#### [Work request]
Repeat every entry exactly. Do not include the pictures.

____ Records

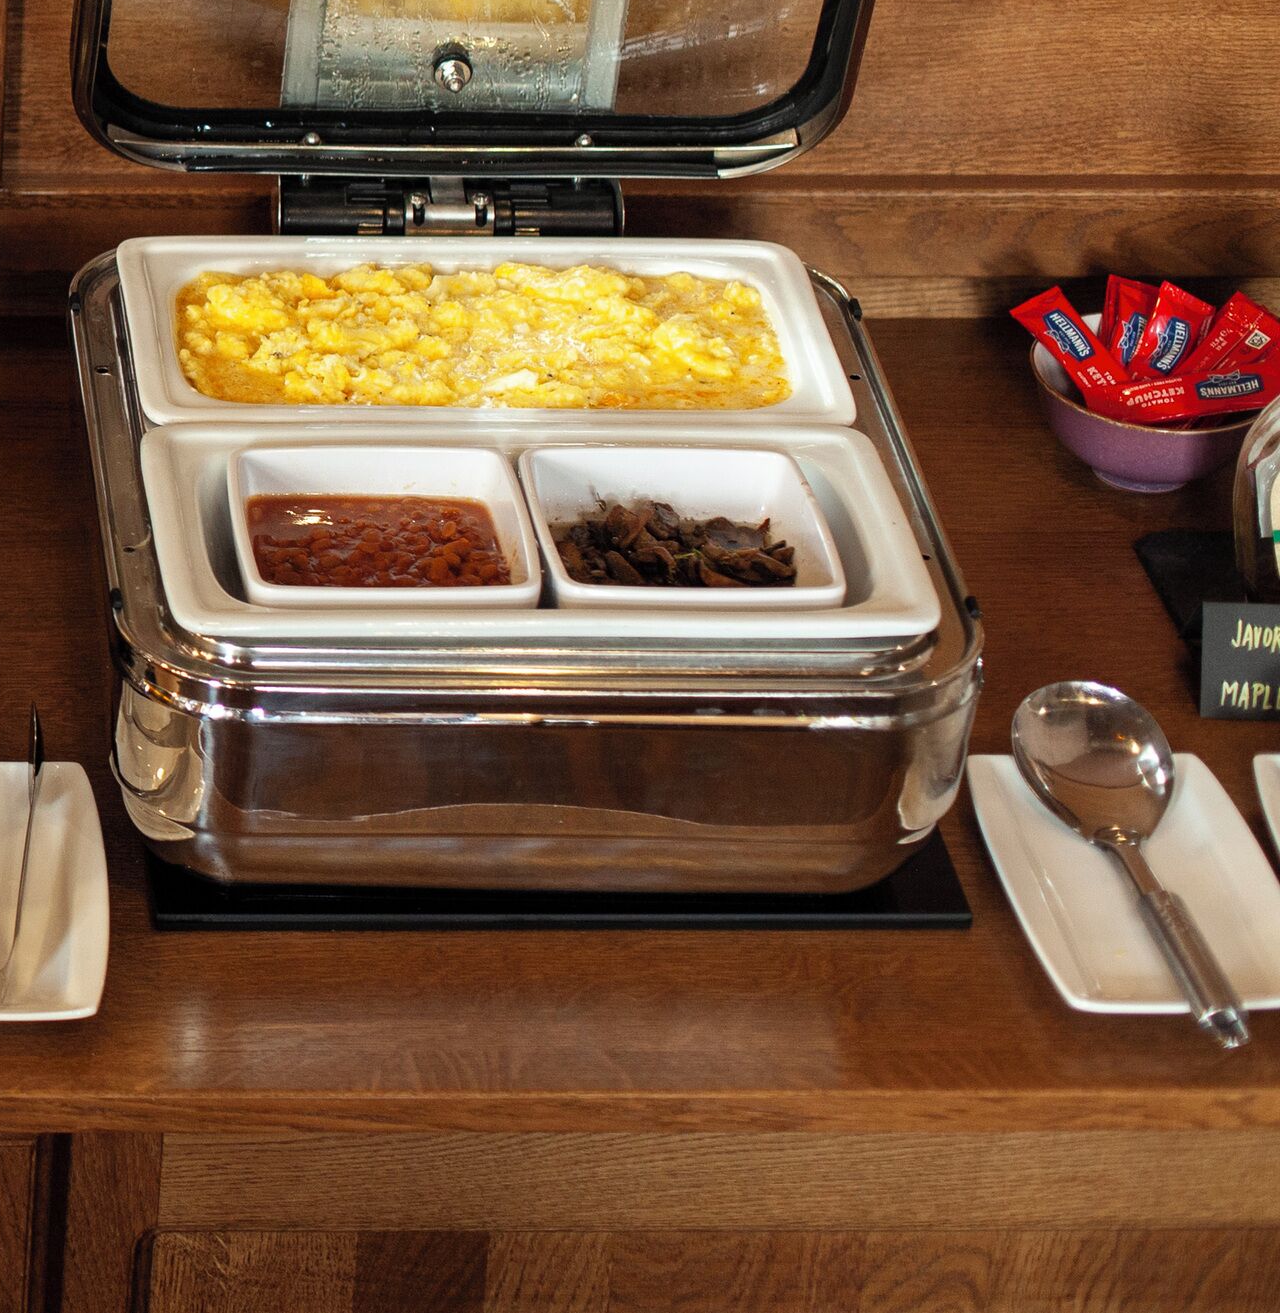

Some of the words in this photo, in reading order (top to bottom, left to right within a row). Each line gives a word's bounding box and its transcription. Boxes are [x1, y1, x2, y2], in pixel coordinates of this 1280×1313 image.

[1049, 313, 1090, 357] HELLMANN'S
[1157, 322, 1186, 370] HELLMANN'S
[1087, 366, 1107, 386] KET
[1126, 386, 1185, 406] KETCHUP
[1200, 378, 1260, 397] HELLMANN'S
[1141, 398, 1175, 408] TOMATO
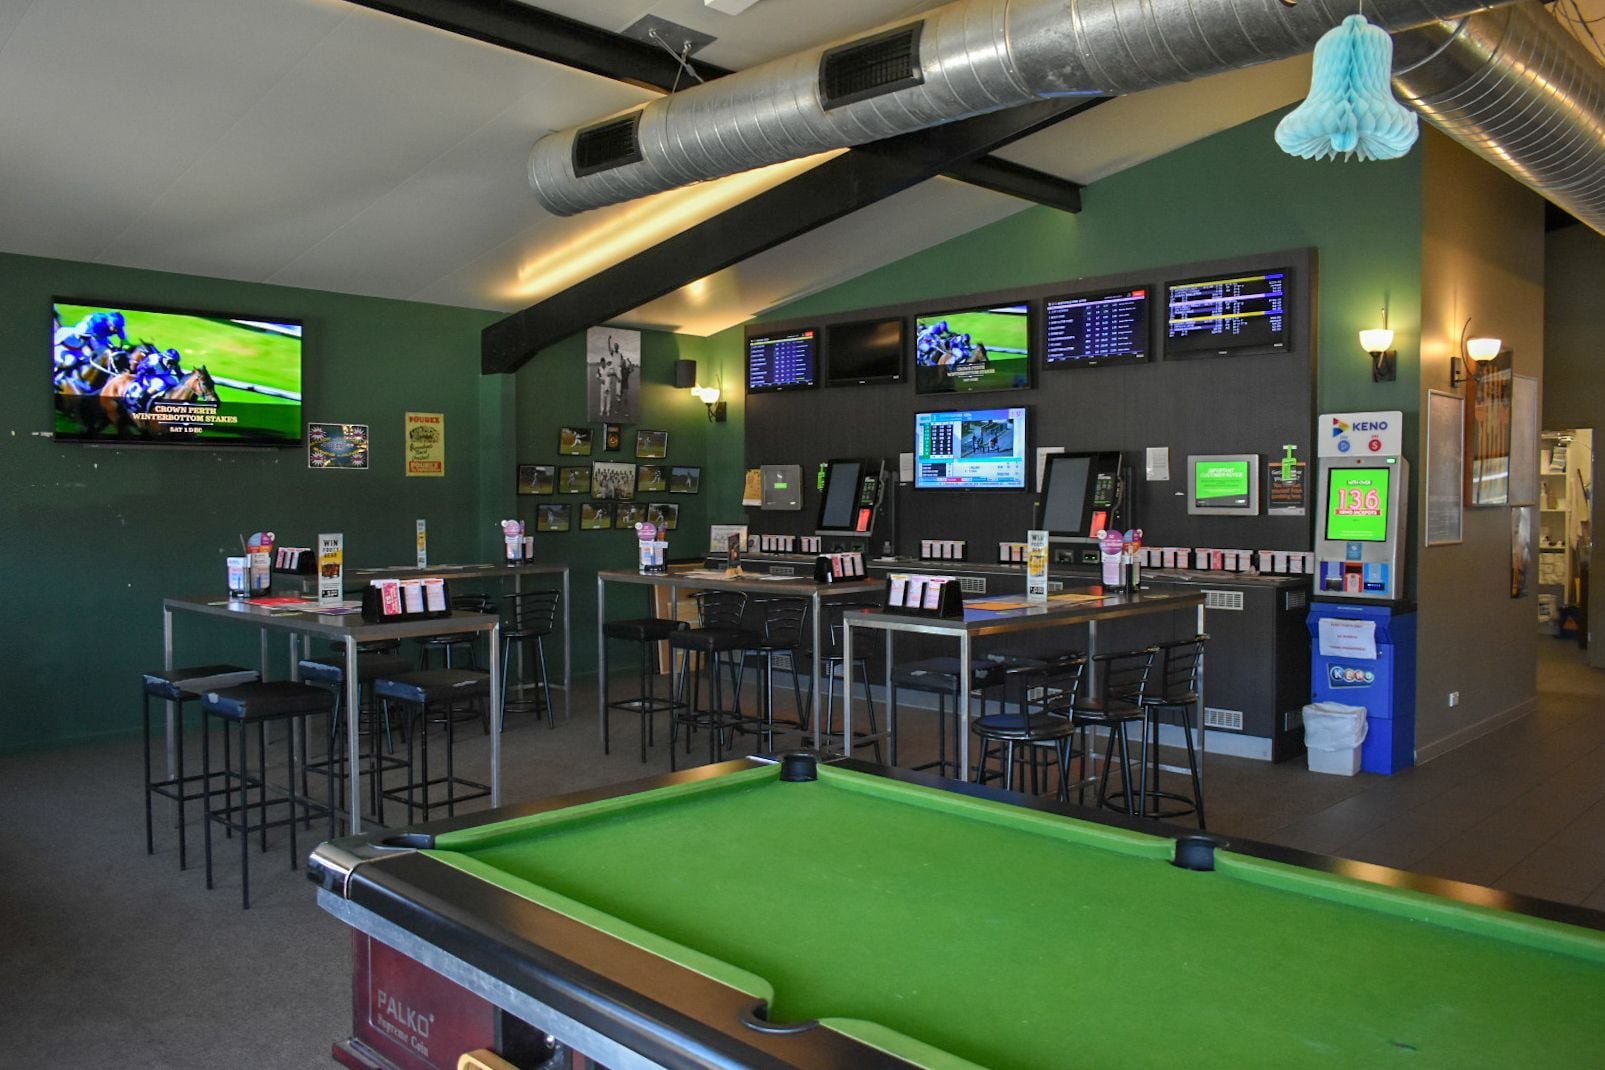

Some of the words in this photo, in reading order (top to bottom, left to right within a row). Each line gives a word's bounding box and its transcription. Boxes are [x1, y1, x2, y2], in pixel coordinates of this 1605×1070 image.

[155, 405, 187, 414] CROWN
[188, 406, 217, 415] PERTH
[132, 413, 204, 422] WINTERBOTTOM
[205, 415, 238, 423] STAKES
[1352, 421, 1388, 431] KENO
[1339, 488, 1380, 510] 136
[1332, 667, 1374, 682] KENO
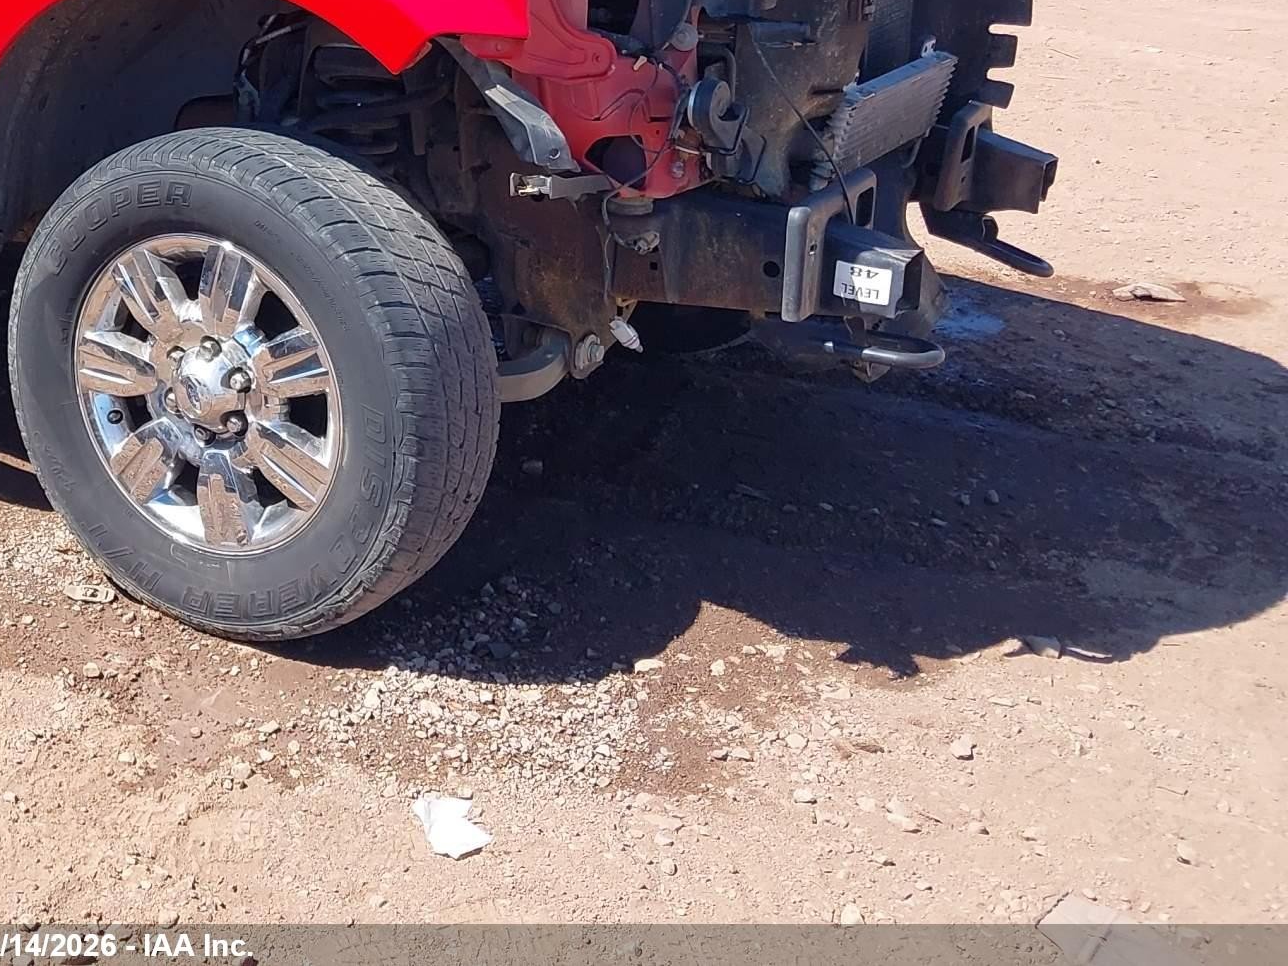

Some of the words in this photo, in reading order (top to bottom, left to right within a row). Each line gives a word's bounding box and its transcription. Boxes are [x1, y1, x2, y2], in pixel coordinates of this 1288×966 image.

________

#### [Your solution]
Some of the words in this photo, in reading order (top to bottom, left to right within a row). Each line gives a word's bounding box and its transcription. Boxes are [x1, y1, x2, y2], in pixel coordinates of this 1280×1313 image.

[1049, 313, 1090, 357] HELLMANN'S
[1157, 322, 1186, 370] HELLMANN'S
[1087, 366, 1107, 386] KET
[1126, 386, 1185, 406] KETCHUP
[1200, 378, 1260, 397] HELLMANN'S
[1141, 398, 1175, 408] TOMATO

Some of the words in this photo, in reading order (top to bottom, left to right within a row). Each line gives a word's bounding box and its transcription. Boxes are [x1, y1, x2, y2], in pixel coordinates of this 1605×1070 image.

[155, 405, 187, 414] CROWN
[188, 406, 217, 415] PERTH
[132, 413, 204, 422] WINTERBOTTOM
[205, 415, 238, 423] STAKES
[1352, 421, 1388, 431] KENO
[1339, 488, 1380, 510] 136
[1332, 667, 1374, 682] KENO

Some of the words in this photo, in reading order (top to bottom, left to right within a row). Each line gives a word's bounding box and its transcription. Boxes are [x1, y1, x2, y2], in pixel coordinates of this 1288×966 image.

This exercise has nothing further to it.